COVID-19 Disinformation Twitter Dataset (COVID-19 Disinfo dataset)

This repository contains a dataset and experimental scripts associated the work "Fighting the COVID-19 Infodemic: Modeling the Perspective of Journalists, Fact-Checkers, Social Media Platforms, Policy Makers, and the Society". The COVID-19 Disinfo dataset consisting of tweets annotated with fine-grained labels related to disinformation about COVID-19. The labels answer seven different questions that are of interests to journalists, fact-checkers, social media platforms, policymakers, and society as a whole. There are annotations for Arabic, Bulgarian, Dutch and English.

Table of contents:

Contents of the Distribution
Questions with Labels
List of Versions
Download
Experiments
Publication
Credits
Licensing
Contact
Acknowledgment

Contents of the Distribution

===============================================

Directory Structure

=======================
The directory contains the following files and sub-directories:

The following directories contains different data splits (train/dev/test) for both binary and multiclass. Each file is tab-separated, consists of tweet_id, and labels for Q1-7. For privacy concern we are not able to release tweet text and associated json objects.

data/arabic/: contains data plits for Arabic.
data/bulgarian/: contains data plits for Bulgarian.
data/dutch/: contains data plits for Dutch.
data/english/: contains data plits for English.
data/multilang/: contains multilingual data (tweets from all languages are combined in different splits for both binary and multiclass settings).

data/LICENSE_CC_BY_NC_SA_4.0.txt: license information
bin/ Please see readme for details
Readme.md this file
tweet_ids_with_compliance_status.json: Contains tweet ids with their complience status.

Examples

============

Please don't take hydroxychloroquine (Plaquenil) plus Azithromycin for #COVID19 UNLESS your doctor prescribes it.

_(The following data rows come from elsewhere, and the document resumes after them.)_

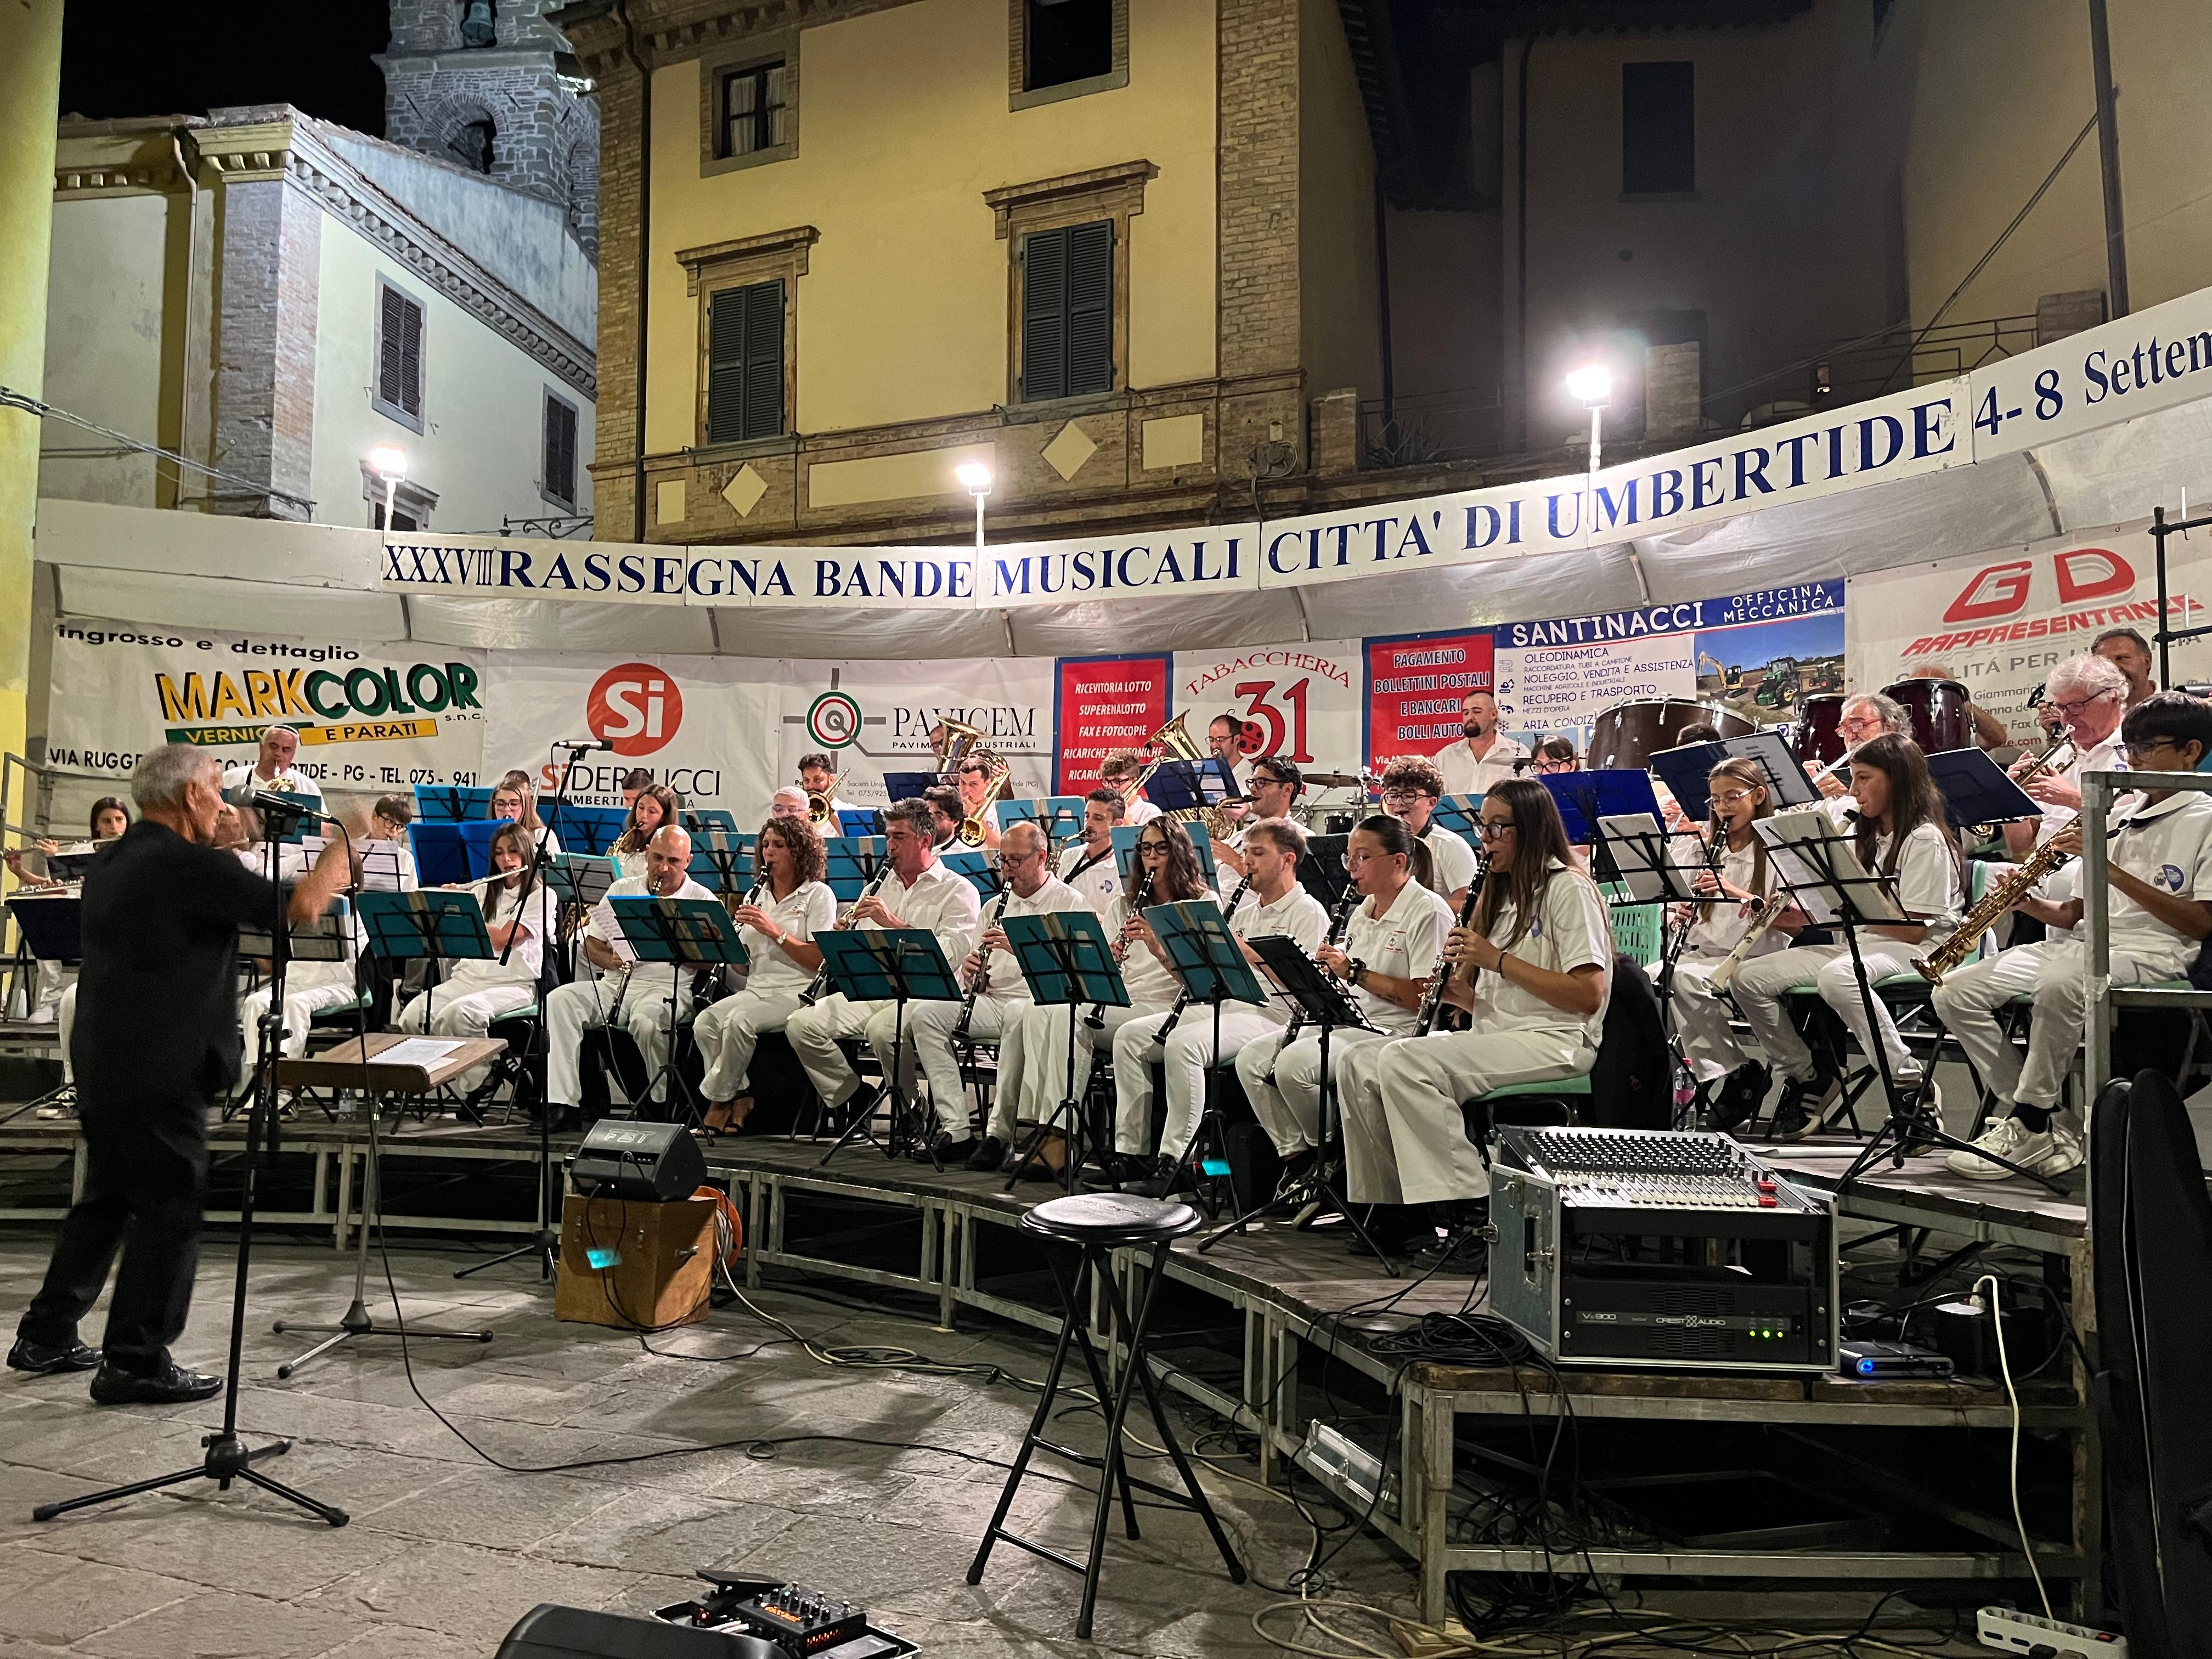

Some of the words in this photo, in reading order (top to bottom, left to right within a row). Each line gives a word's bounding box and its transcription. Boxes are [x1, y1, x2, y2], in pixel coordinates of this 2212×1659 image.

[384, 545, 493, 586] XXXVIII
[495, 550, 795, 596] RASSEGNA
[812, 560, 972, 598] BANDE
[992, 539, 1243, 596] MUSICALI
[1268, 511, 1441, 573] CITTA'
[1462, 500, 1526, 550] DI
[1543, 398, 1955, 539] UMBERTIDE
[1732, 584, 1824, 607] OFFICINA
[1724, 595, 1833, 622] MECCANICA
[1513, 602, 1703, 647] SANTINACCI
[1900, 594, 2204, 657] RAPPRESENTANZE
[59, 625, 183, 647] ingrosso
[196, 640, 213, 650] e
[231, 640, 359, 662] dettaglio
[1394, 649, 1465, 668] PAGAMENTO
[1524, 663, 1575, 673] RACCORDATURA
[1601, 656, 1633, 666] CAMPIONE
[1525, 648, 1609, 663] OLEODINAMICA
[2010, 652, 2058, 671] PER
[1186, 652, 1349, 696] TABACCHERIA
[1583, 667, 1620, 679] VENDITA
[1624, 665, 1629, 674] E
[1634, 659, 1694, 673] ASSISTENZA
[1075, 682, 1122, 693] RICEVITORIA
[1125, 681, 1152, 692] LOTTO
[1375, 676, 1437, 693] BOLLETTINI
[1441, 672, 1489, 689] POSTALI
[1592, 676, 1625, 687] INDUSTRIALI
[154, 662, 483, 722] MARKCOLOR
[1523, 691, 1577, 705] RECUPERO
[1581, 691, 1585, 700] E
[1590, 684, 1656, 699] TRASPORTO
[603, 680, 664, 738] Si
[1079, 703, 1146, 715] SUPERENALOTTO
[1401, 702, 1408, 716] E
[1410, 698, 1462, 715] BANCARI
[1544, 705, 1570, 713] D'OPERA
[1235, 678, 1314, 764] 31
[1523, 719, 1549, 730] ARIA
[1554, 714, 1594, 727] CONDIZ
[2011, 720, 2031, 730] Fax
[185, 727, 267, 743] VERNIC
[326, 729, 337, 740] E
[345, 723, 417, 738] PARATI
[1079, 726, 1095, 737] FAX
[1096, 727, 1101, 736] E
[1102, 725, 1147, 736] FOTOCOPIE
[1398, 725, 1430, 740] BOLLI
[1432, 724, 1464, 738] AUTO
[50, 748, 78, 765] VIA
[1063, 747, 1107, 759] RICARICHE
[1375, 756, 1389, 764] Via
[344, 765, 364, 781] PG
[381, 767, 404, 784] TEL.
[410, 769, 434, 785] 075
[453, 771, 480, 787] 941
[1068, 770, 1103, 781] RICARIC
[565, 795, 623, 806] UMBERTI
[604, 1128, 656, 1144] FBT

Both drugs affect the QT interval of your heart and can lead to arrhythmias and sudden death, especially if you are taking other meds or have a heart condition.
Labels:

Q1: Yes;
Q2: NO: probably contains no false info
Q3: YES: definitely of interest
Q4: NO: probably not harmful
Q5: YES:very-urgent
Q6: NO:not-harmful
Q7: NO: YES:discusses_cure

BREAKING: @MBuhari’s Chief Of Staff, Abba Kyari, Reportedly Sick, Suspected Of Contracting #Coronavirus | Sahara Reporters A top government source told SR on Monday that Kyari has been seriously “down” since returning from a trip abroad. READ MORE: https://t.co/Acy5NcbMzQ https://t.co/kStp4cmFlr.
Labels:

Q1: Yes;
Q2: NO: probably contains no false info
Q3: YES: definitely of interest
Q4: NO: definitely not harmful
Q5: YES:not-urgent
Q6: YES:rumor
NO: YES:classified_as_in_question_6

Statistics

============
Initial distribution of the annotated dataset

Arabic data: 4542 tweets
Bulgarian data: 4966 tweets
Dutch data: 3697 tweets
English data: 2665 tweets

More detail is available in the paper[1] download.

Twitter Batch compliance

============
Tweets might have been deleted for many reasons:
https://developer.twitter.com/en/docs/twitter-api/compliance/batch-compliance/introduction For such cases, it is necessary to maintain such compliance.

Questions with Labels

Below is the list of the questions and the possible labels (answers). See the paper below or the above micromappers links for detailed definition of the annotation guidelines.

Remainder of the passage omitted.